Through you, Madam Chair, merci, Monsieur Fortin.
The issue of whether the trial is remote or in person is equally affected by the fact that judges who have general jurisdiction have to be deployed for criminal cases first. Otherwise cases get stayed if they've taken too long to get to trial. That's what Jordan does. That then has the ripple effects across the system, because a lot of times they can't get to them in time and then they're stayed anyway. Legitimate prosecutions are stayed, and then those judges have been deployed and others have been kept waiting in all the other areas of law within the jurisdiction of those courts—family, civil and child protection.
There's no right to a trial within a reasonable time in those other areas of the law, so the conversation between the branches of government that I propose is thank you for your [Technical difficulty—Editor] court from five years ago but you didn't see this pandemic and the delays associated with it coming. We, the elected Parliament, are saying it's time for a pause, a timeout.
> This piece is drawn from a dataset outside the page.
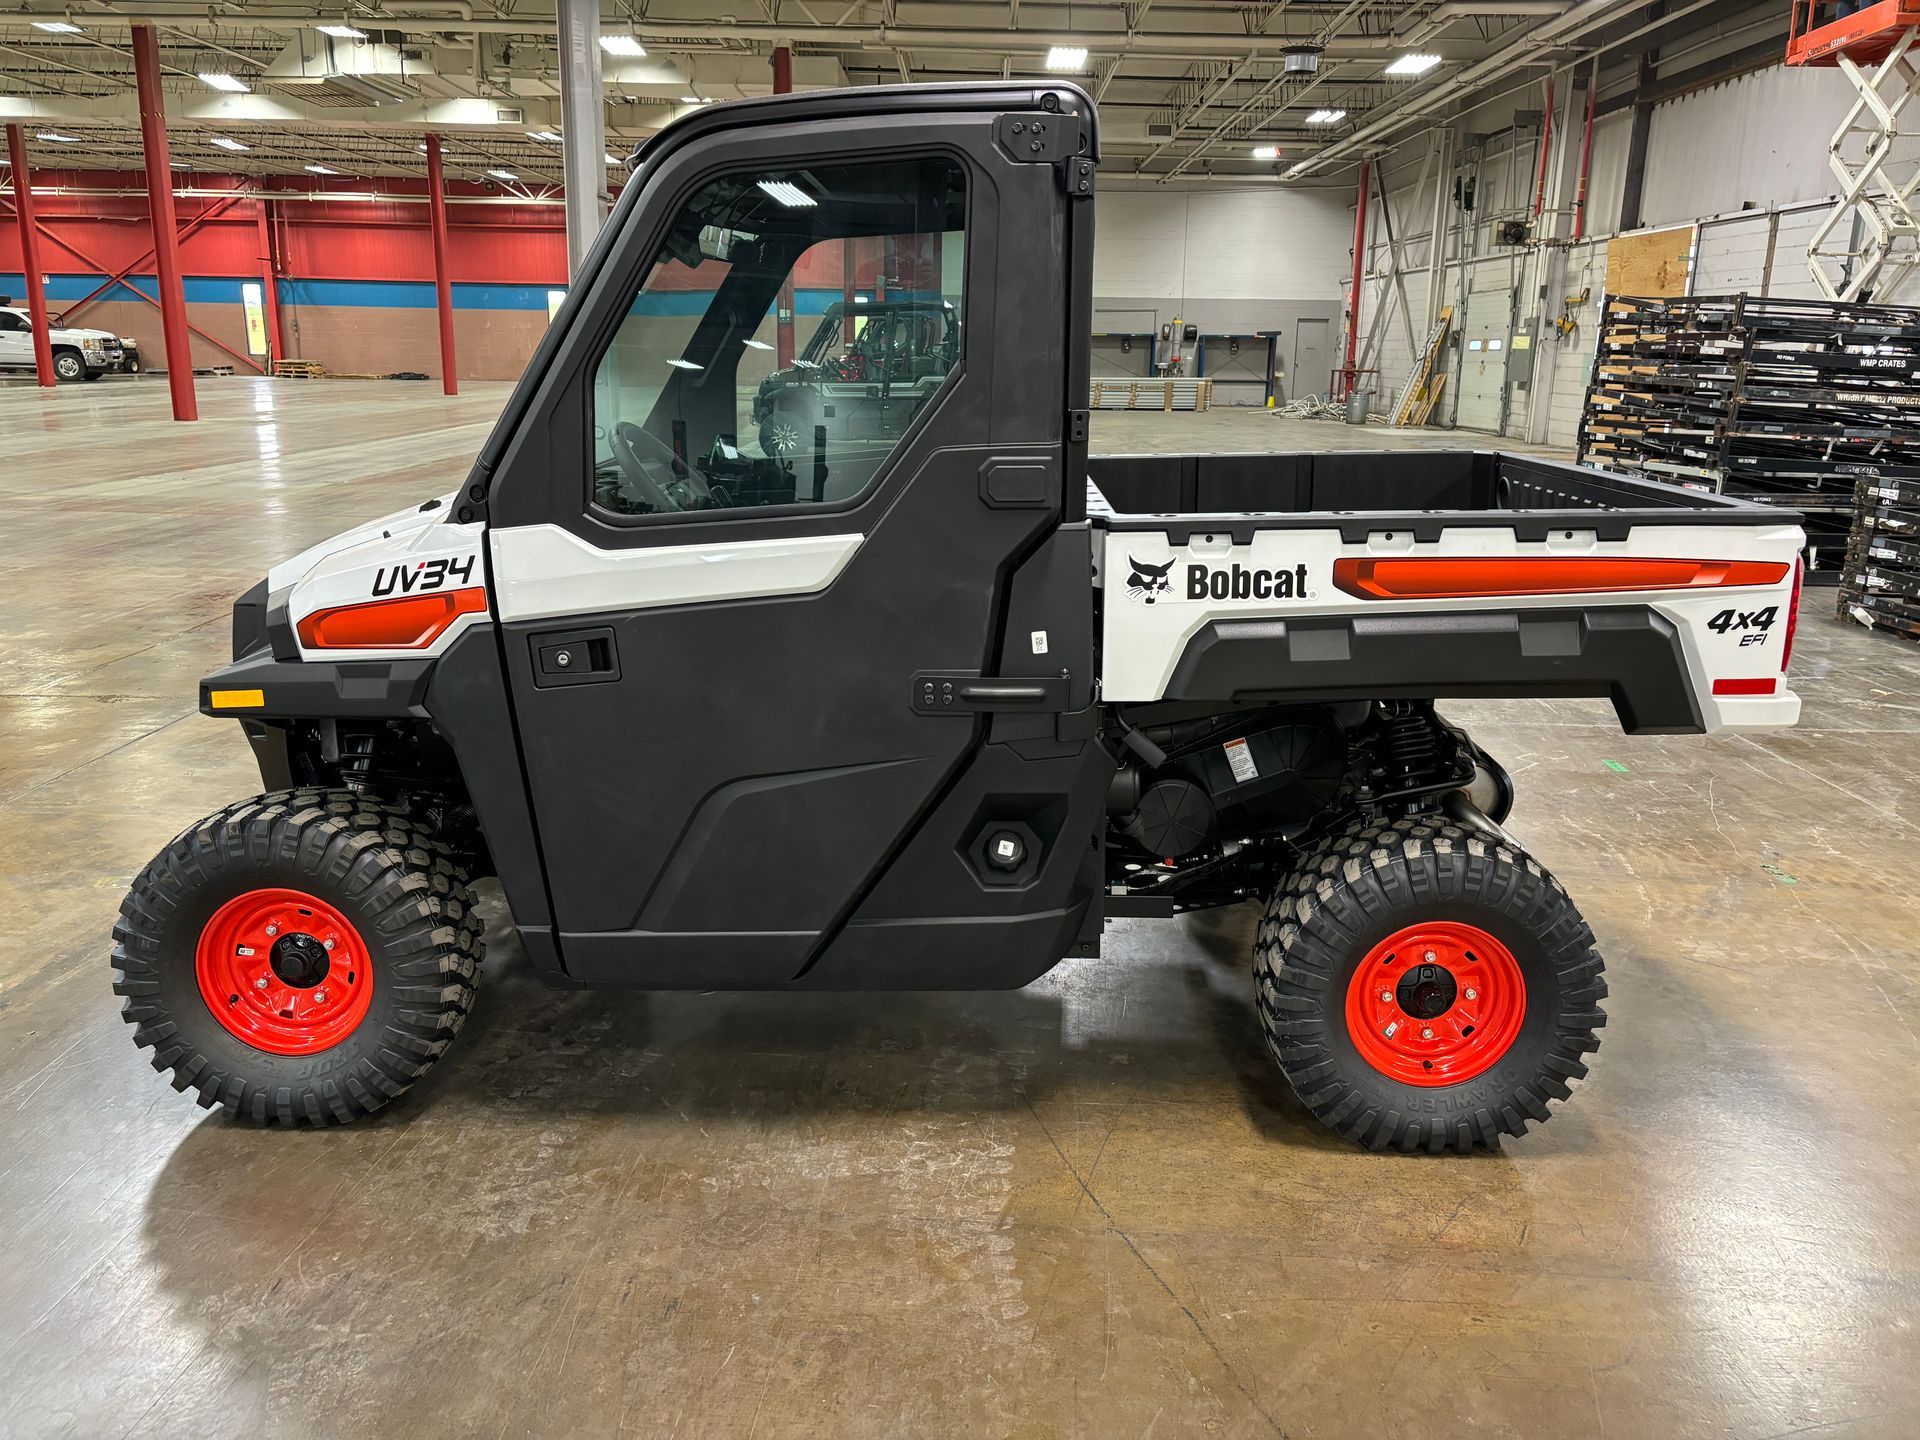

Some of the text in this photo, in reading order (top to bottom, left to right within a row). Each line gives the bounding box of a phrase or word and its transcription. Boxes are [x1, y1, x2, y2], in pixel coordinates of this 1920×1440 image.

We're going to suspend the effect of that decision, and let's work toward new solutions. Allow the judges to do their job with counsels. We have dedicated, hard-working judges who are doing the best they can, but the system is falling apart, and we need to be able to take a pause so that criminal cases are not put in peril by this court-imposed time limit.
I have to say, Monsieur Fortin, the courts are not always right. Our Supreme Court of Canada in 1929 famously said women are not persons for purposes of Senate appointments. The courts are dreadfully wrong sometimes on matters of public policy. They're not coming from Mount Olympus with great wisdom. As Professor Hogg pointed out, they have their own failings. They're not perfect. They don't pretend to be perfect. Many of them don't want awesome powers. The charter provision for the over-ride is there for this conversation that has to happen in times of crisis. It's not the War Measures Act. It's a balanced conversation about how to carefully use scarce judicial resources in our trial courts so that all of our citizens have access to justice.